* EXERCISE DESCRIPTION *
Every record gets copied exactly, and no picture goes with it.

* DATA SUPPLIED *

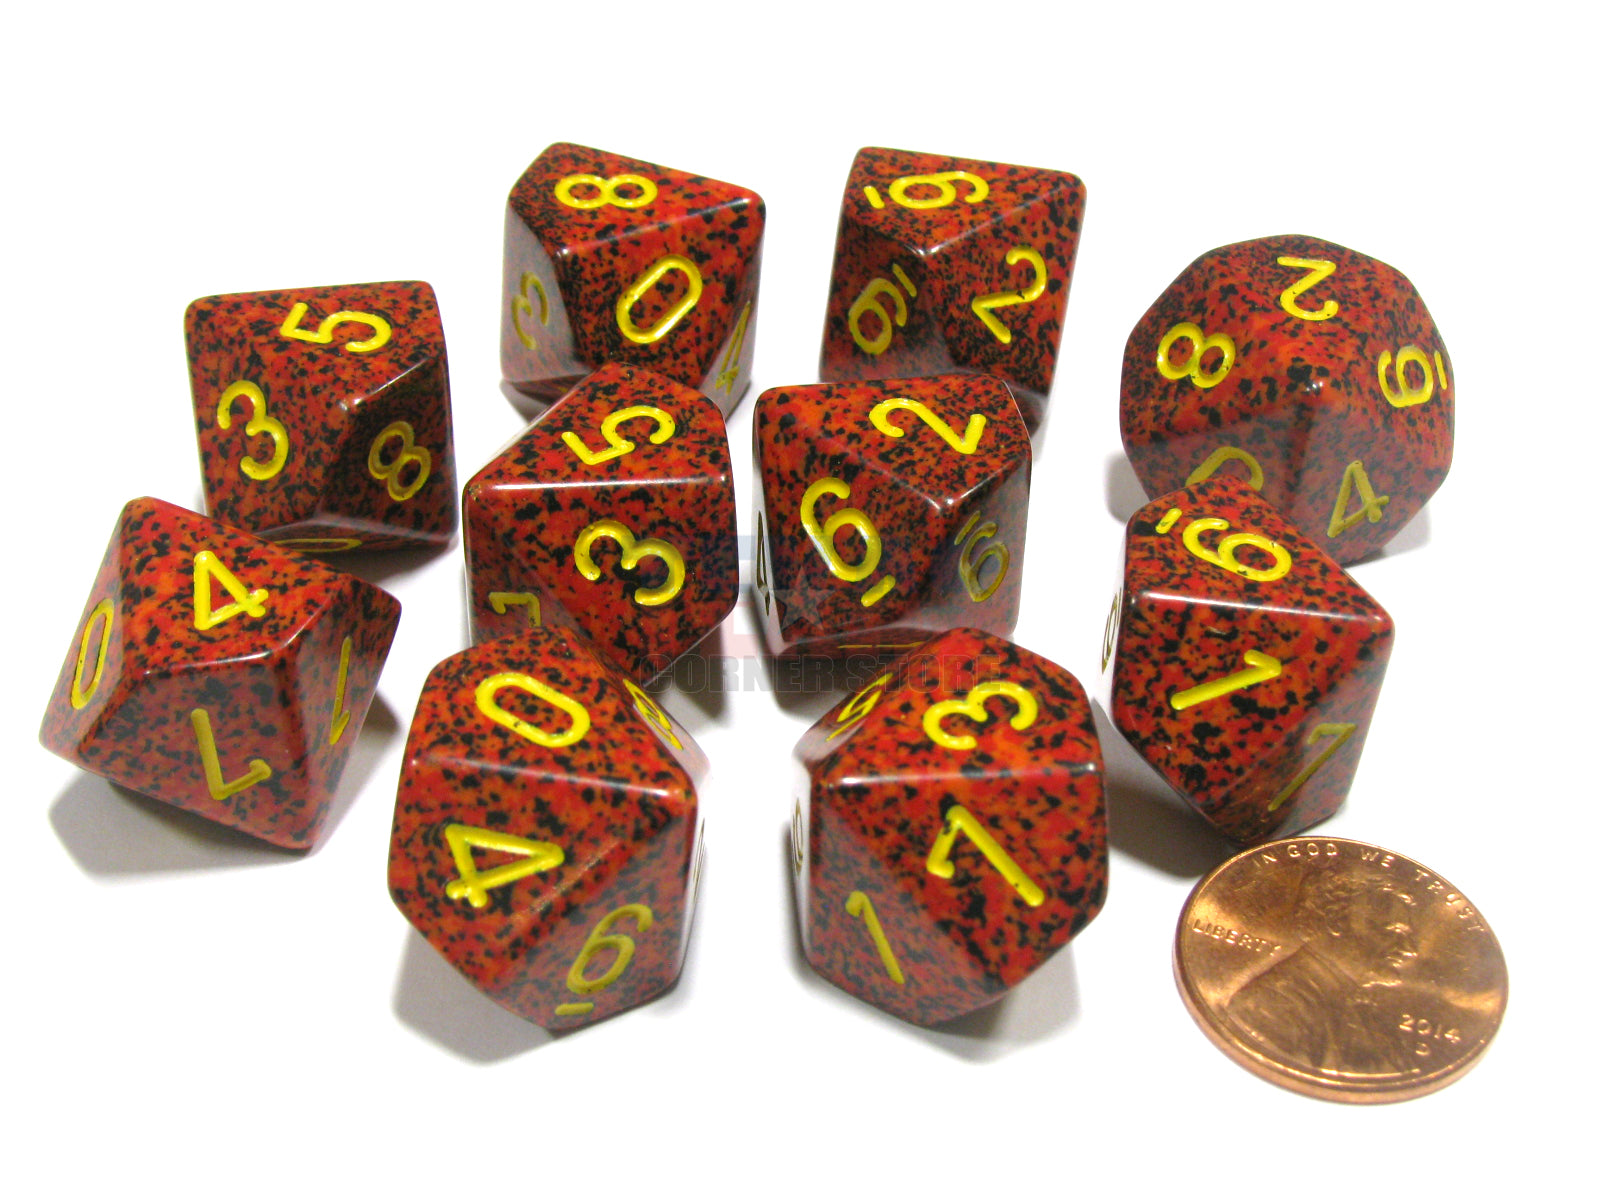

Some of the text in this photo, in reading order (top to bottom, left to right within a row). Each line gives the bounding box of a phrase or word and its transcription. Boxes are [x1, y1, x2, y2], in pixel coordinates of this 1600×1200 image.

[554, 174, 657, 209] 8
[511, 272, 548, 349] 3
[616, 254, 702, 343] 0
[972, 246, 1047, 343] 2
[1277, 256, 1339, 321] 2
[280, 302, 392, 353] 5
[1157, 322, 1236, 388] 8
[216, 380, 288, 480] 3
[367, 420, 431, 501] 8
[562, 405, 675, 465] 5
[869, 398, 986, 454] 2
[1327, 460, 1389, 538] 4
[193, 550, 269, 631] 4
[574, 520, 685, 606] 3
[71, 598, 115, 710] 0
[475, 672, 591, 748] 0
[923, 682, 1039, 750] 3
[444, 823, 565, 908] 4
[1253, 842, 1485, 932] IN GOD WE TRUST
[1192, 918, 1281, 956] LIBERTY
[1399, 1013, 1462, 1044] 2014
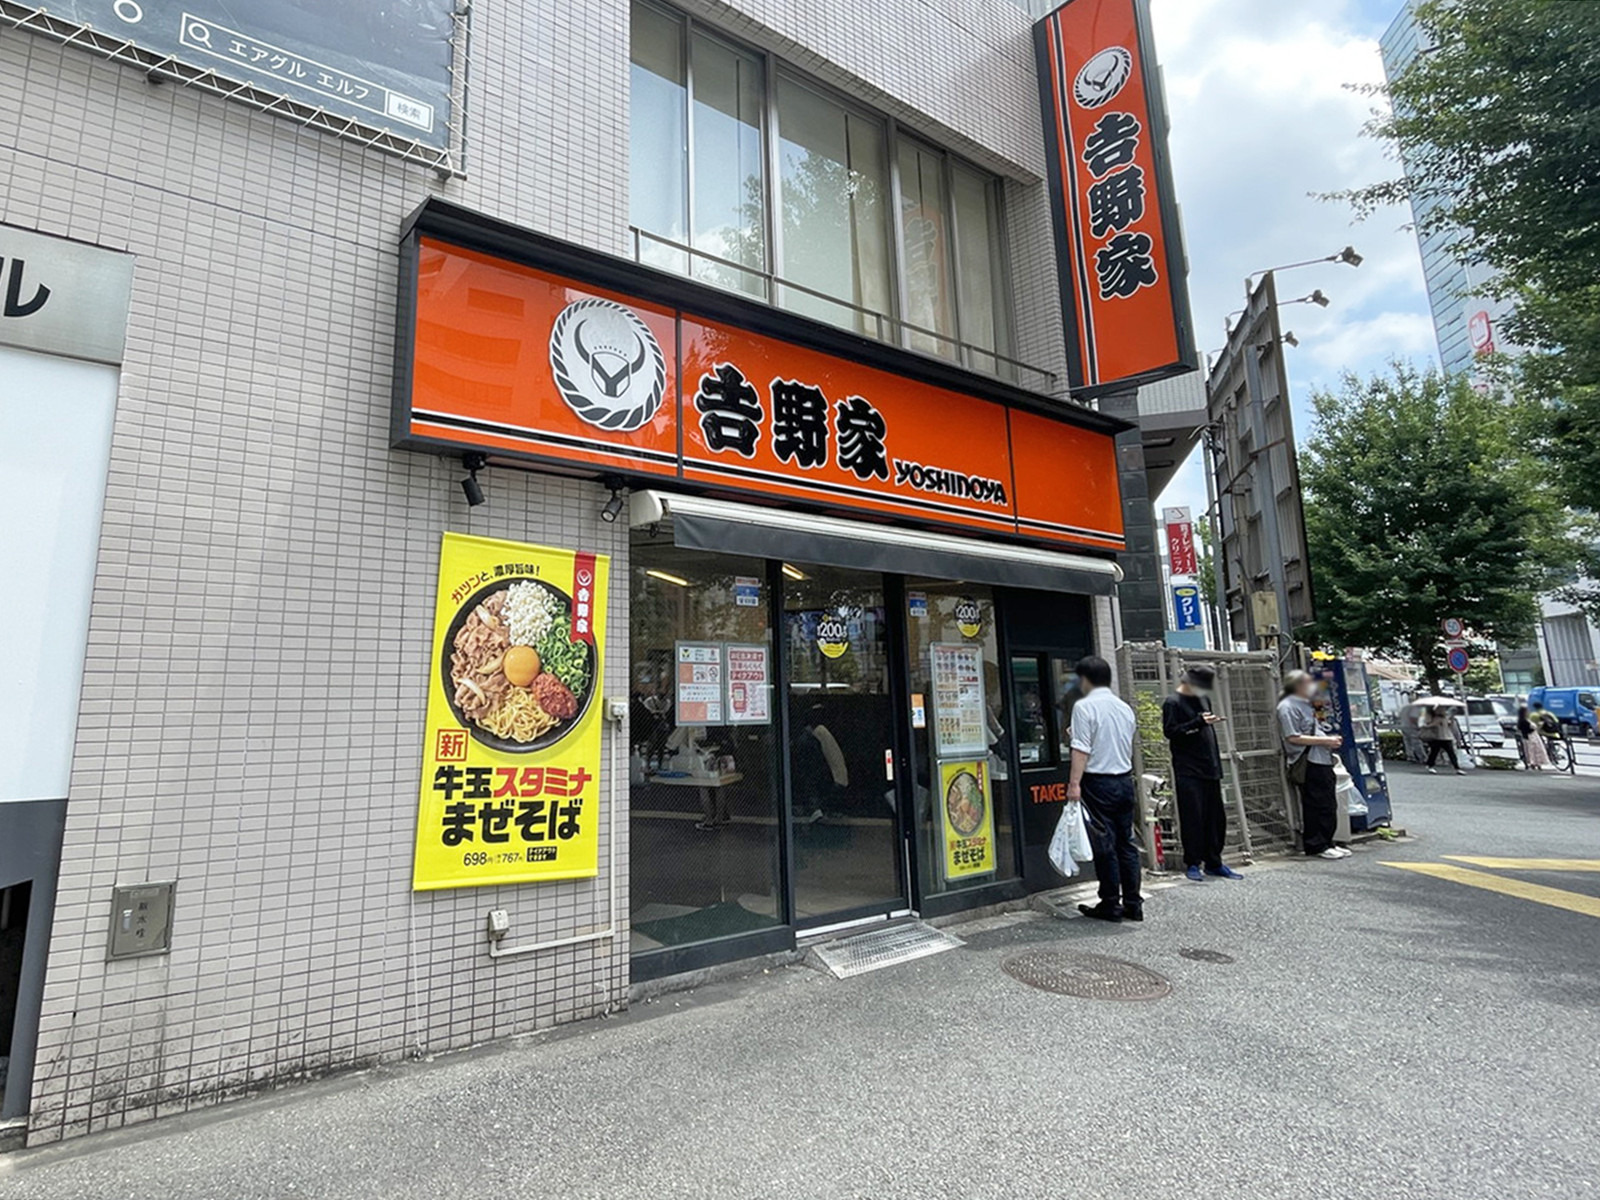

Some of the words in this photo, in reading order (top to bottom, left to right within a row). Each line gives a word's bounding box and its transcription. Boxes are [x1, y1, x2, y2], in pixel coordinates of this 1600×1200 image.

[229, 40, 306, 79] エアグル
[317, 70, 370, 100] エルフ
[1083, 112, 1158, 301] 吉野家
[694, 362, 889, 481] 吉野家
[893, 459, 1009, 505] YOSHINOYA
[1171, 537, 1183, 574] クリニック
[440, 734, 464, 757] 新
[433, 765, 592, 800] 牛玉スタミナ
[1030, 783, 1066, 803] TAKE
[441, 798, 583, 847] まぜそば
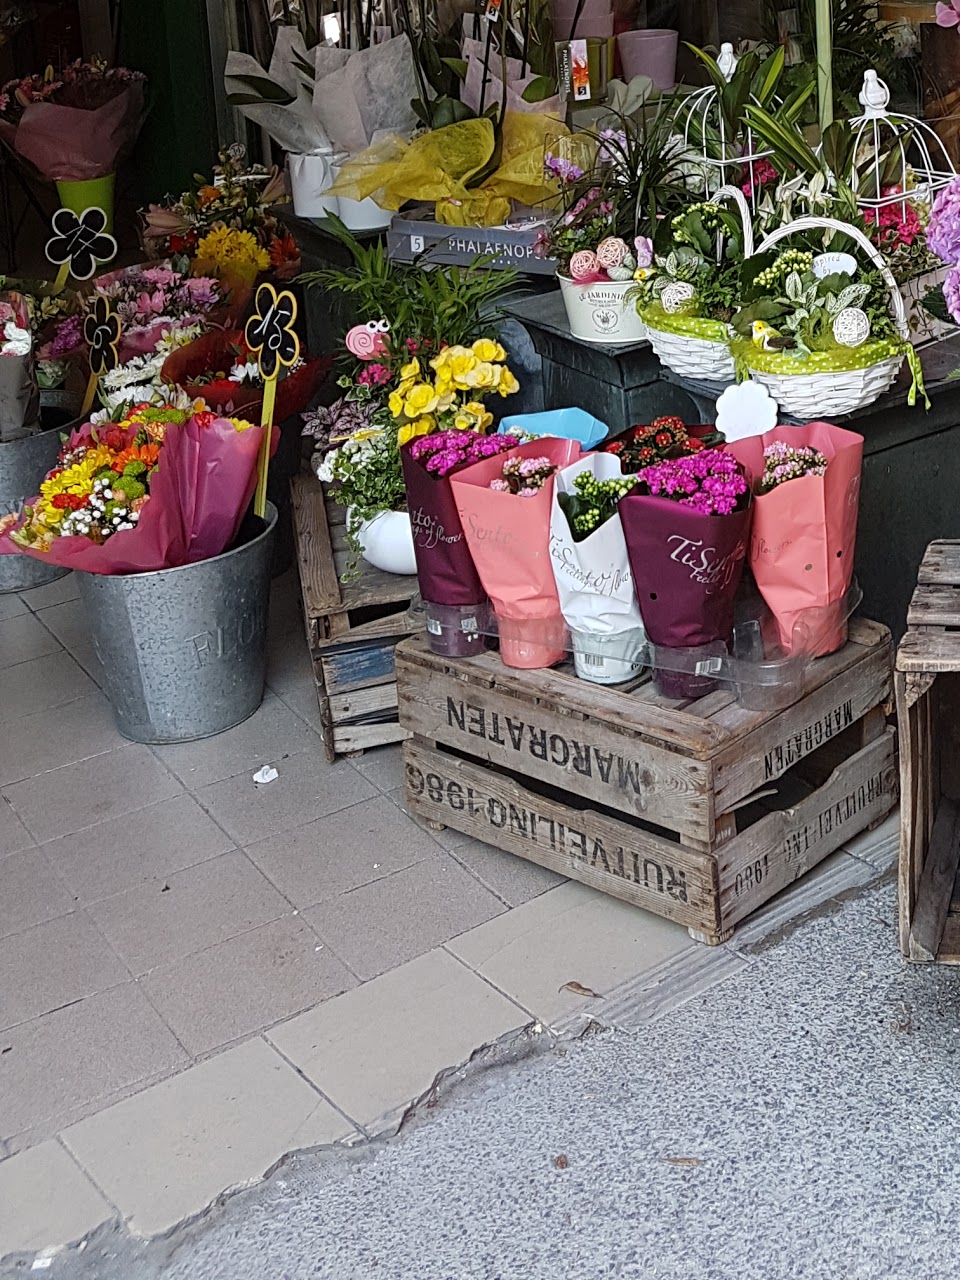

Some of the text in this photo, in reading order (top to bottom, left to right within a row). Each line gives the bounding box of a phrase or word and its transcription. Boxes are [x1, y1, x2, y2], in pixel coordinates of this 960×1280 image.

[413, 237, 422, 251] 5
[446, 695, 641, 797] MARGRATEN
[763, 697, 854, 782] MARGRATEN

* EXPECTED OUTPUT *
Some of the text in this photo, in reading order (top to bottom, left to right within a row). Each line gives the bounding box of a phrase or word and its transcription. Boxes are [x1, y1, x2, y2], in pixel coordinates of this 1600×1200 image.

[554, 174, 657, 209] 8
[511, 272, 548, 349] 3
[616, 254, 702, 343] 0
[972, 246, 1047, 343] 2
[1277, 256, 1339, 321] 2
[280, 302, 392, 353] 5
[1157, 322, 1236, 388] 8
[216, 380, 288, 480] 3
[367, 420, 431, 501] 8
[562, 405, 675, 465] 5
[869, 398, 986, 454] 2
[1327, 460, 1389, 538] 4
[193, 550, 269, 631] 4
[574, 520, 685, 606] 3
[71, 598, 115, 710] 0
[475, 672, 591, 748] 0
[923, 682, 1039, 750] 3
[444, 823, 565, 908] 4
[1253, 842, 1485, 932] IN GOD WE TRUST
[1192, 918, 1281, 956] LIBERTY
[1399, 1013, 1462, 1044] 2014

Some of the words in this photo, in reading order (top to bottom, left to right within a row). Each line gives a word's bounding box and its transcription. Boxes are [x1, y1, x2, y2], in pixel coordinates of this 1600×1200 image.

[229, 40, 306, 79] エアグル
[317, 70, 370, 100] エルフ
[1083, 112, 1158, 301] 吉野家
[694, 362, 889, 481] 吉野家
[893, 459, 1009, 505] YOSHINOYA
[1171, 537, 1183, 574] クリニック
[440, 734, 464, 757] 新
[433, 765, 592, 800] 牛玉スタミナ
[1030, 783, 1066, 803] TAKE
[441, 798, 583, 847] まぜそば

Some of the text in this photo, in reading order (top to bottom, left to right within a row). Each line gives the bounding box of a phrase or word and its transcription. Boxes are [x1, y1, x2, y2], in pixel coordinates of this 960×1280 image.

[413, 237, 422, 251] 5
[446, 695, 641, 797] MARGRATEN
[763, 697, 854, 782] MARGRATEN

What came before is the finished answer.